200 confrères ont pourtant signé des conventions avec leur MSA locale.

Trois questions à Omar Tarsissi, médecin, conseiller technique national à la caisse centrale de la MSA

Comment expliquer le bilan plus que mitigé des expérimentations de DAD et MAD menées avec les pharmaciens ?

Soit le besoin n'existe pas, or c'est une explication à laquelle je ne peux pas croire. Soit il y a eu totale incompréhension sur l'opportunité d'une telle action. Il y a en tout cas une incompréhension du rôle que le pharmacien peut jouer dans le MAD. Des acteurs tertiaires [NdlR : hors médecins et pharmaciens] n'imaginent pas la place possible du pharmacien dans le MAD des personnes dépendantes. Peut-être que dans certains cas le pharmacien lui-même ne sait pas trop comment se positionner... C'est un service qu'il rendait déjà parfois mais que nous voulions formaliser. Quant à l'expérimentation DAD, elle a souffert du manque de demandes (de motivation ?) du médecin, puisque c'est lui qui doit les déclencher.

Que va donc donner cette expérience ? Initialement, on parlait de généralisation après cette phase d'expérimentation...

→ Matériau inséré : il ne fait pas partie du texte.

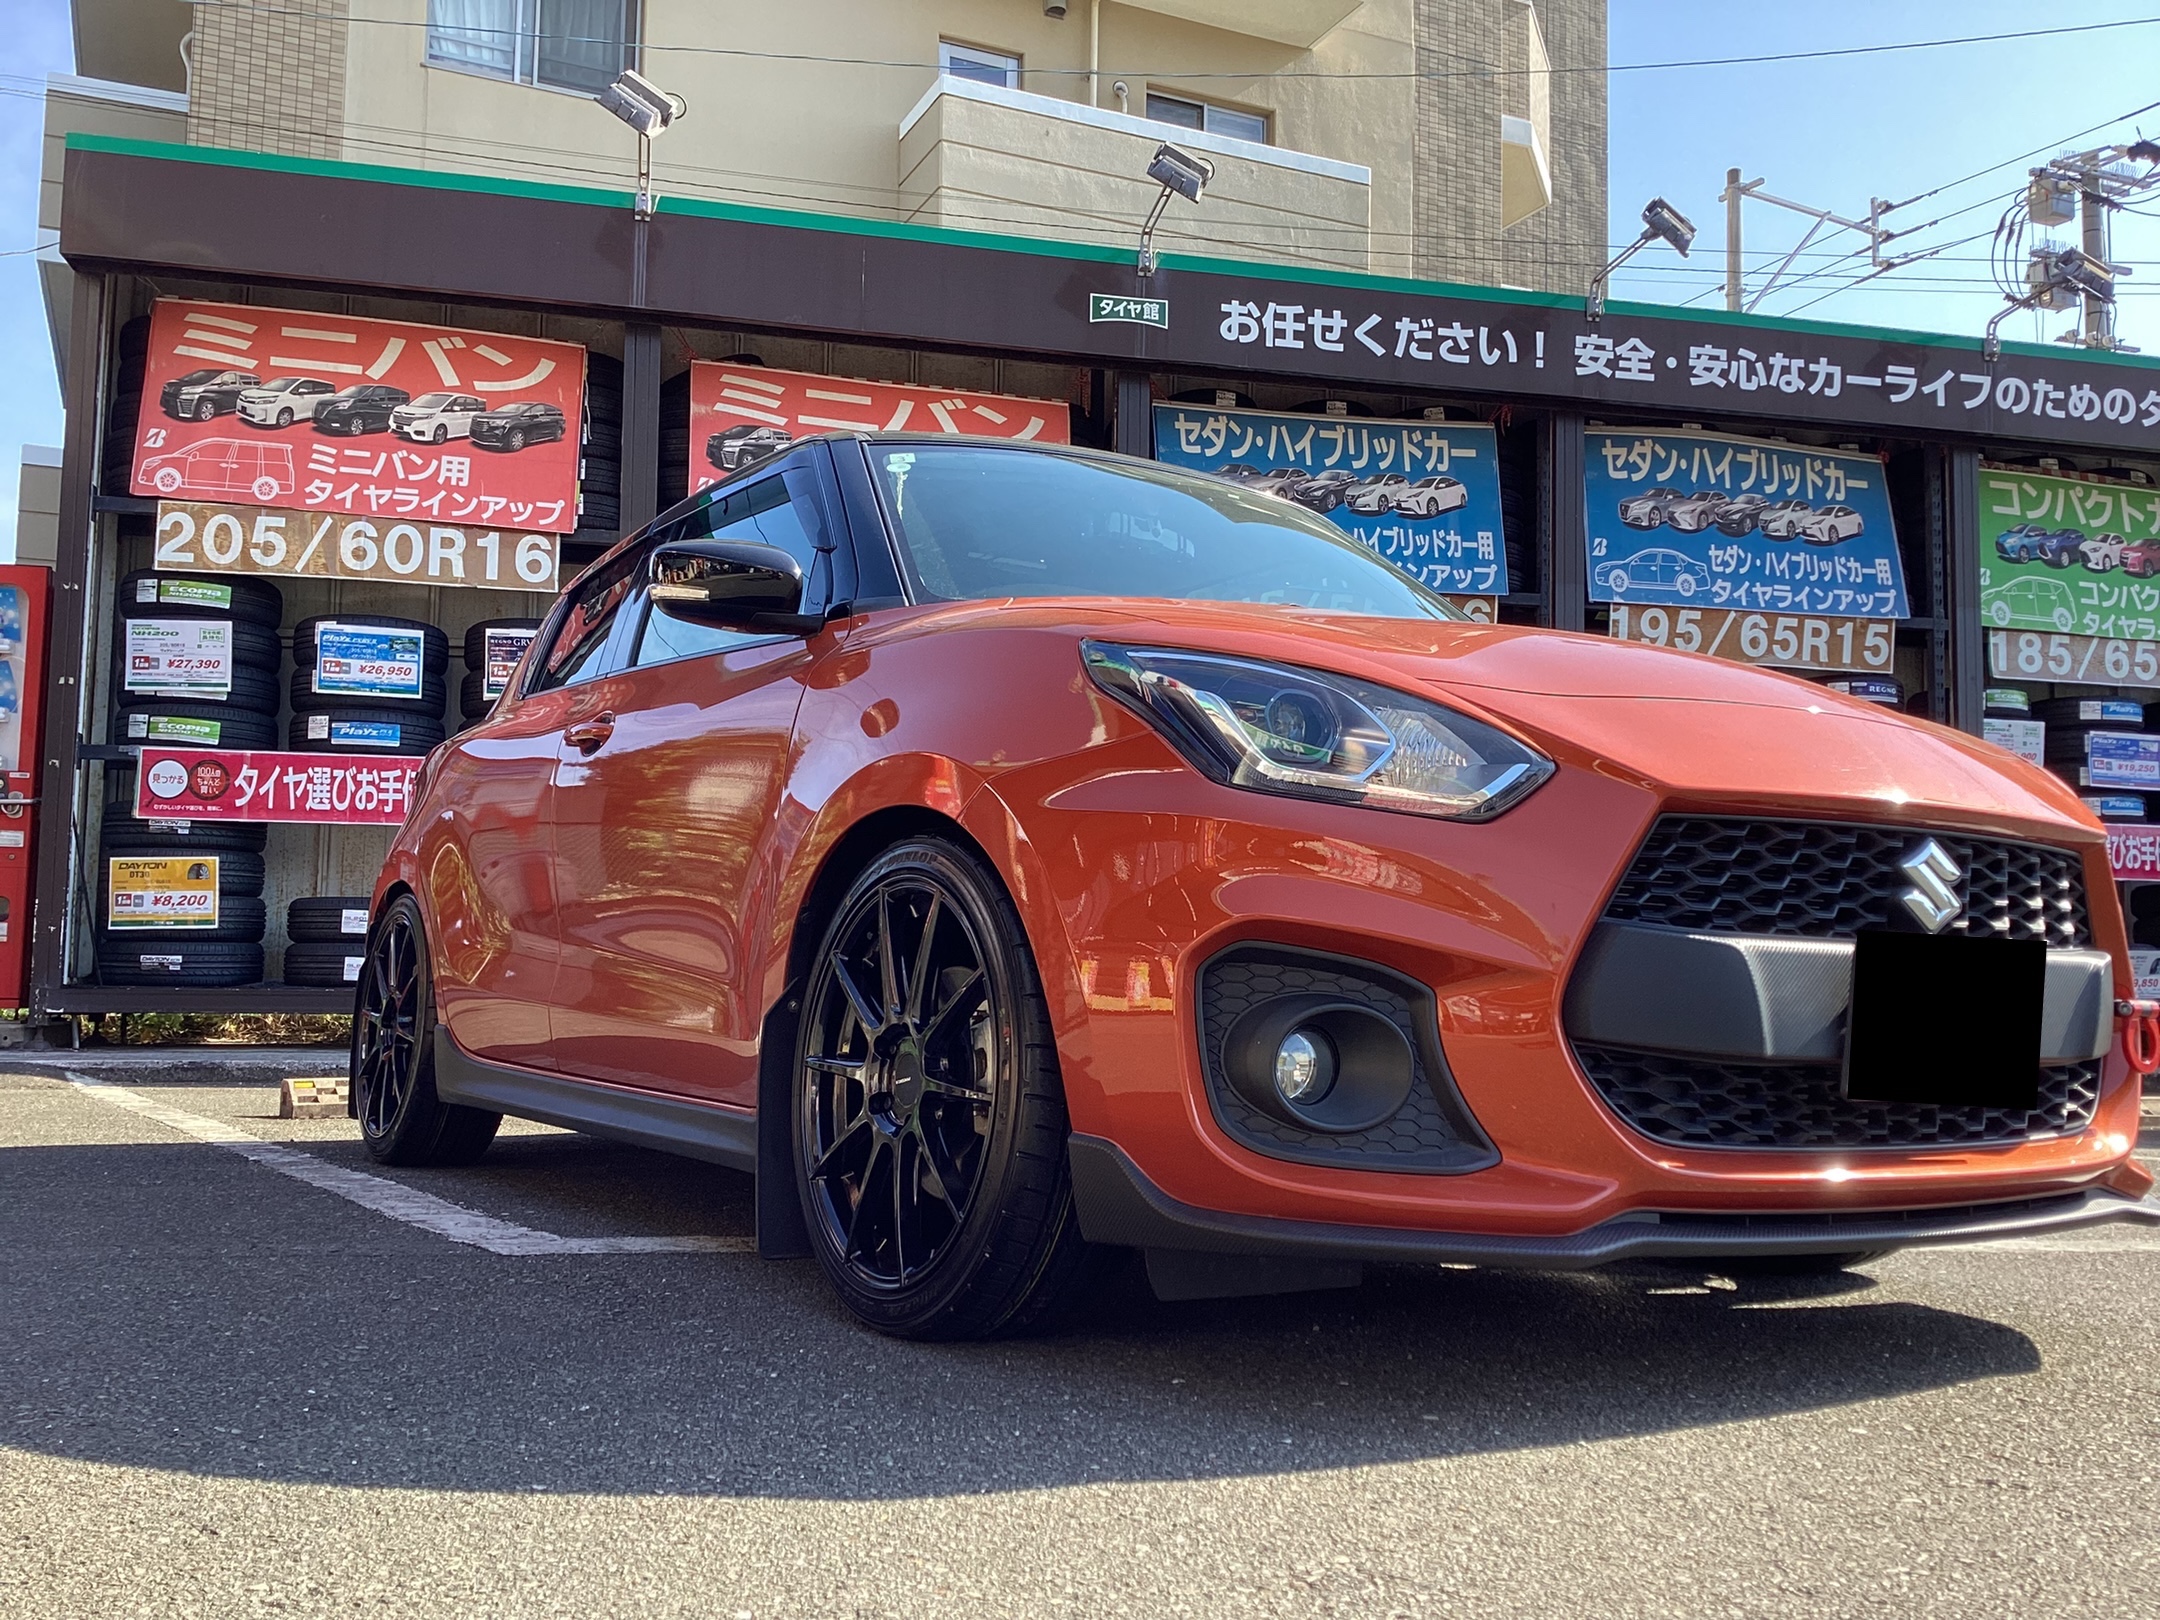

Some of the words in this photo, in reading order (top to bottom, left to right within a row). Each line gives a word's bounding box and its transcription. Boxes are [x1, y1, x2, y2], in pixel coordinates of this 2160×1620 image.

[1098, 298, 1161, 322] タイヤ館
[173, 312, 558, 392] ミニバン
[713, 373, 1045, 440] ミニバン
[1174, 412, 1477, 473] セダン・ハイブリッドカー
[306, 443, 471, 488] ミニバン用
[1601, 439, 1869, 502] セダン・ハイブリッドカー
[304, 479, 565, 526] タイヤラインアップ
[157, 511, 553, 584] 205/60R16
[1708, 544, 1893, 586] セダン・ハイブリッドカー用
[1710, 578, 1897, 614] タイヤラインアップ
[1610, 605, 1890, 666] 195/65R15
[2082, 611, 2160, 640] タイヤラ
[166, 658, 221, 671] ¥27,390
[358, 664, 412, 677] ¥26,950
[1990, 632, 2158, 682] 185/65
[151, 773, 185, 784] 見つかる
[2117, 763, 2156, 773] ¥19,250
[118, 862, 168, 870] DAYTON
[151, 895, 208, 908] ¥8,200

Si nous n'avons pas un nombre significatif de forfaits [NDlR : d'actes effectués] en fin d'année, je devrai avoir en parallèle une évaluation qualitative des expérimentations. Je suis en train de mettre cela au point avec un sociologue. En tout cas, à ce jour nous sommes obligés de constater que ça n'a pas fonctionné. Sur la DAD, on peut facilement incriminer la trop faible demande des médecins. Sur le MAD, je m'attendais à un plus grand dynamisme... Personnellement, je verrais bien une reconduction des expérimentations et même leur multiplication. Mais on ne peut présager de la décision que prendra la MSA. Il faudra attendre l'évaluation et en tirer les enseignements. Verdict au premier trimestre 2007. Malgré tout, je pense que la MSA a ouvert la porte puisque le régime général envisageait des essais dans une ou deux régions.

Craignez vous pour l'implication du pharmacien dans d'autres missions ?

La dichotomie ne vient pas de nous mais du terrain. L'expérience est pourtant inspirée de ce qui se passe en Europe. Si, dans d'autres pays, on travaille davantage avec les pharmaciens, cela signifie que la France s'y mettra aussi un jour ou l'autre. Et la convention pharmaceutique est la plus grande preuve qu'il existe une nécessité de telles interventions du pharmacien. L'objectif de la MSA, c'était de mettre les différents acteurs de santé dans une situation de dialogue. L'étude des raisons pour lesquelles cette expérimentation n'a pas marché nous permettra de rectifier le tir.